- _What this task involves_: Repeat every record word for word and omit the images.

Saved data entries

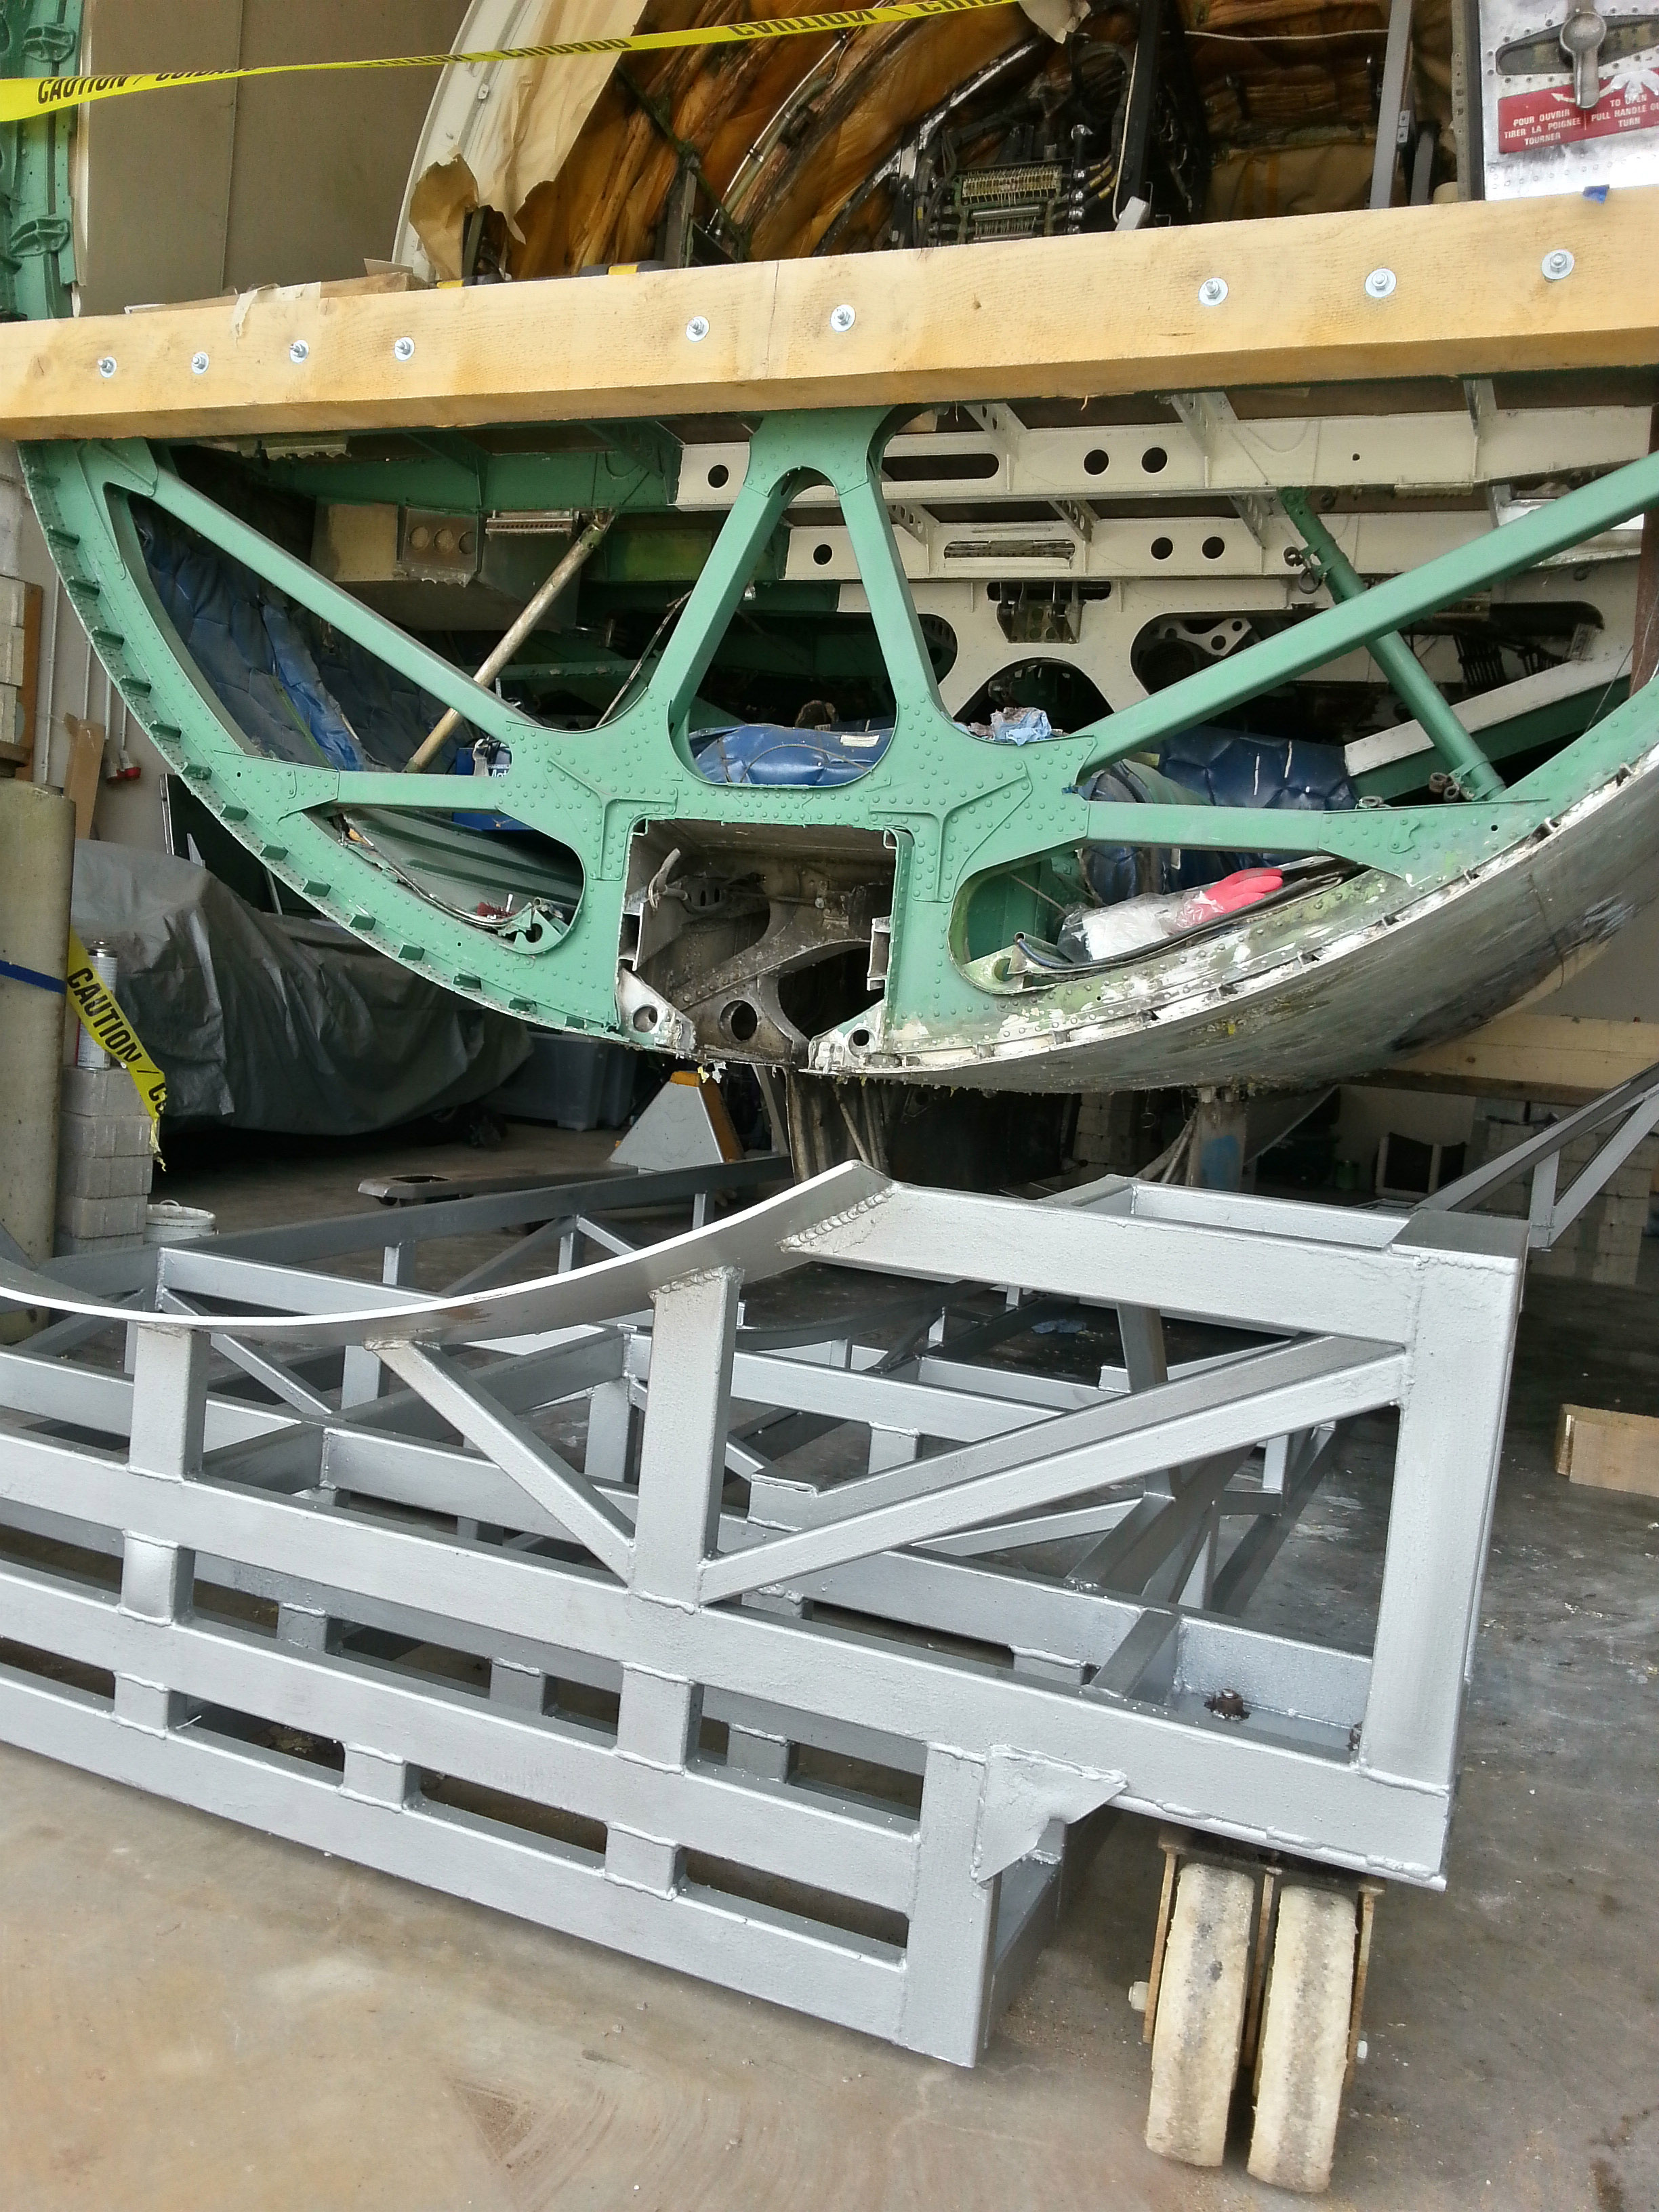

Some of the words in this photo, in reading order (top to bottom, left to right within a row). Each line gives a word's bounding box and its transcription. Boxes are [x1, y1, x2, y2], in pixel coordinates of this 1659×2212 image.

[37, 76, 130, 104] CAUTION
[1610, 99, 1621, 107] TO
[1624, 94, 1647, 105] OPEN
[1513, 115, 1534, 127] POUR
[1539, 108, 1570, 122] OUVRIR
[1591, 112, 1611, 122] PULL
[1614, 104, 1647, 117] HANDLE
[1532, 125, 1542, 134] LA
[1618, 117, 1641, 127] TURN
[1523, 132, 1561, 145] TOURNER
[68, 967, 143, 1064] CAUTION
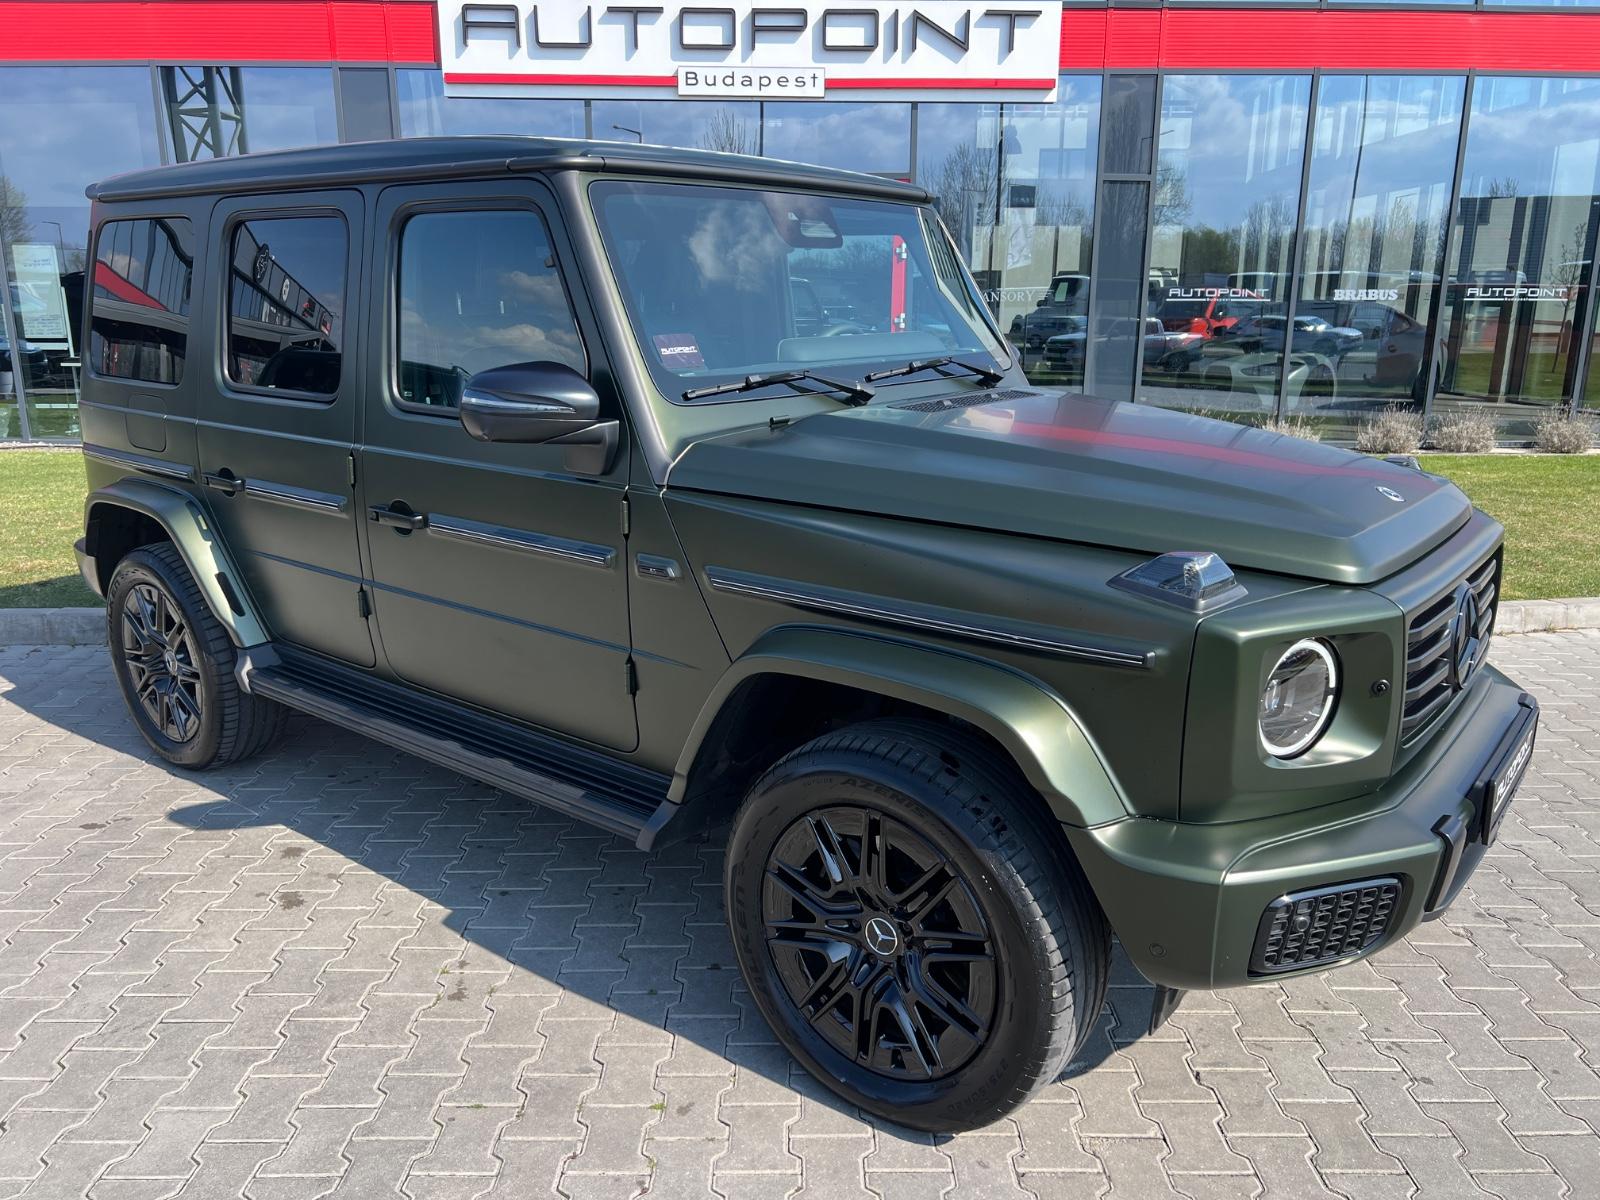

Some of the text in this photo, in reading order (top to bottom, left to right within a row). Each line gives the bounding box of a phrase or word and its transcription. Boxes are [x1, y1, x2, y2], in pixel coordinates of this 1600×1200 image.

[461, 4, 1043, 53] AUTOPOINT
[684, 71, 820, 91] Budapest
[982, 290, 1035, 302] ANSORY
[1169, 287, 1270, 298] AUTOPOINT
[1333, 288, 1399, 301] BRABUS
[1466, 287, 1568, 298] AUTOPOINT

- _Written response_:
Some of the words in this photo, in reading order (top to bottom, left to right within a row). Each line gives a word's bounding box and its transcription. Boxes are [x1, y1, x2, y2], in pixel coordinates of this 1659×2212 image.

[37, 76, 130, 104] CAUTION
[1610, 99, 1621, 107] TO
[1624, 94, 1647, 105] OPEN
[1513, 115, 1534, 127] POUR
[1539, 108, 1570, 122] OUVRIR
[1591, 112, 1611, 122] PULL
[1614, 104, 1647, 117] HANDLE
[1532, 125, 1542, 134] LA
[1618, 117, 1641, 127] TURN
[1523, 132, 1561, 145] TOURNER
[68, 967, 143, 1064] CAUTION

Some of the text in this photo, in reading order (top to bottom, left to right within a row). Each line gives the bounding box of a phrase or word and its transcription. Boxes are [x1, y1, x2, y2], in pixel coordinates of this 1600×1200 image.

[461, 4, 1043, 53] AUTOPOINT
[684, 71, 820, 91] Budapest
[982, 290, 1035, 302] ANSORY
[1169, 287, 1270, 298] AUTOPOINT
[1333, 288, 1399, 301] BRABUS
[1466, 287, 1568, 298] AUTOPOINT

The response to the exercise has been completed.